At the same time, many pathogens are adapted to thrive at their host’s normal body temperature, so even a modest increase of 1 to 3 degrees can slow their replication rate. The combination of a weakened pathogen and a supercharged immune system tilts the odds in the animal’s favor.

When Fever Becomes Dangerous

There’s a limit to how much heat a body can tolerate. In dogs, core temperatures above 41°C (about 106°F) begin to cause tissue damage, and the barrier that normally protects the brain from harmful substances in the blood starts to break down. At 44°C (111°F), only about half of animals survive. These extreme temperatures typically aren’t caused by infection-driven fever alone. True fevers rarely exceed 41°C because the hypothalamus keeps the set point within a range that balances immune benefit against tissue damage.

Dangerous overheating more commonly results from heatstroke or extreme exertion, where the body’s temperature rises uncontrollably rather than being regulated to a deliberate set point. This distinction matters: a fever is a controlled response with a ceiling, while heatstroke is an uncontrolled spiral.

Recognizing Fever in Pets

Since animals can’t tell you they feel unwell, fever often shows up through behavioral changes. Dogs with a fever are typically lethargic, reluctant to move, and uninterested in food. They may shiver, appear stiff, and breathe faster than usual. Dehydration is common. Cats show similar signs but tend to hide or become unusually withdrawn.

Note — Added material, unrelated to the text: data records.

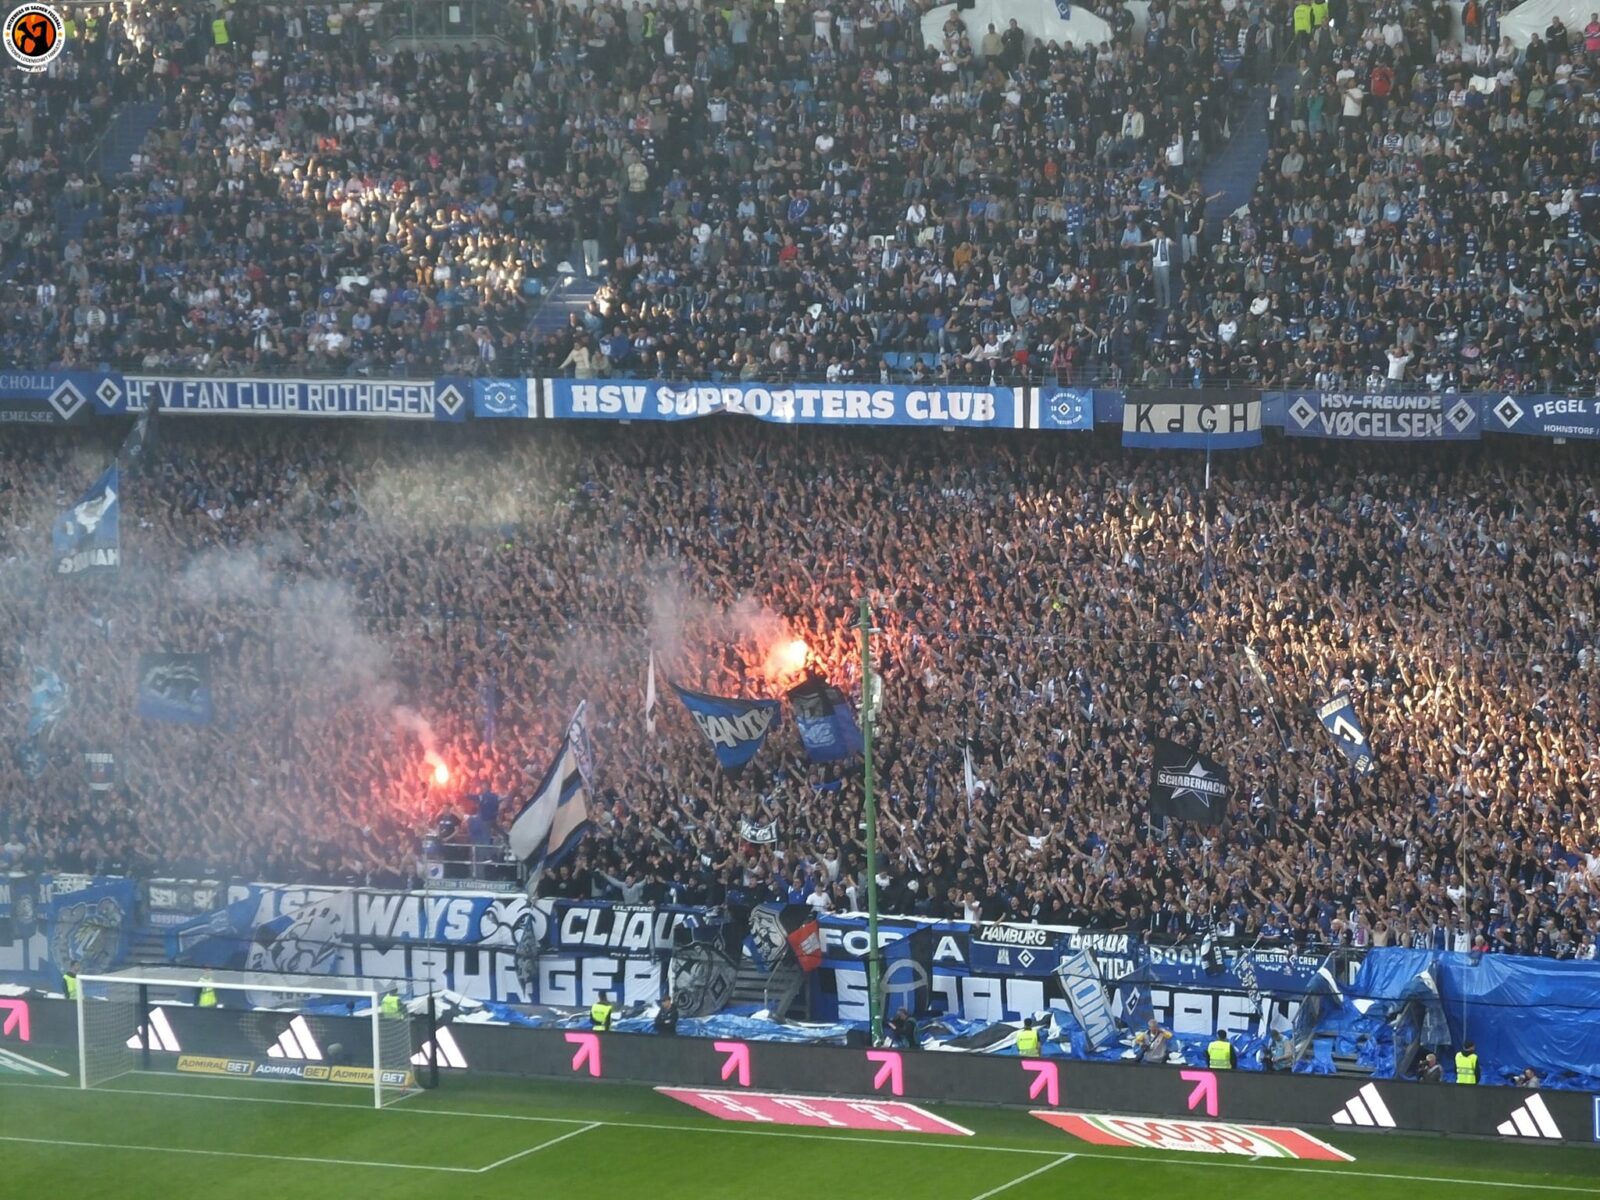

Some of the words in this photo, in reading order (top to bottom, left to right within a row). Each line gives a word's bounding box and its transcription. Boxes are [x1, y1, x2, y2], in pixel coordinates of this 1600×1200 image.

[183, 381, 229, 409] FAN
[238, 382, 299, 410] CLUB
[307, 380, 435, 413] ROTHOSEN
[571, 385, 648, 415] HSV
[656, 386, 895, 421] SUPPORTERS
[905, 391, 996, 421] CLUB
[1320, 393, 1442, 410] HSV-FREUNDE
[1533, 400, 1588, 419] PEGEL
[1544, 424, 1595, 435] HOHNSTORF
[1159, 773, 1226, 796] SCHABERNACK
[980, 925, 1047, 946] HAMBURG
[1298, 955, 1319, 966] CREW

The only reliable way to confirm a fever is with a rectal thermometer. Feeling your pet’s nose or ears is not accurate. In dogs, a reading above 103°F (39.4°C) warrants attention, and anything above 104°F is considered significant. In cats, temperatures persistently above 103.5°F (39.7°C) suggest a true fever rather than temporary stress-related warming, which cats are particularly prone to during vet visits. Environmental factors matter too: a dairy cow’s temperature can rise to 102.5°F on a hot summer afternoon from heat stress alone, without any underlying infection.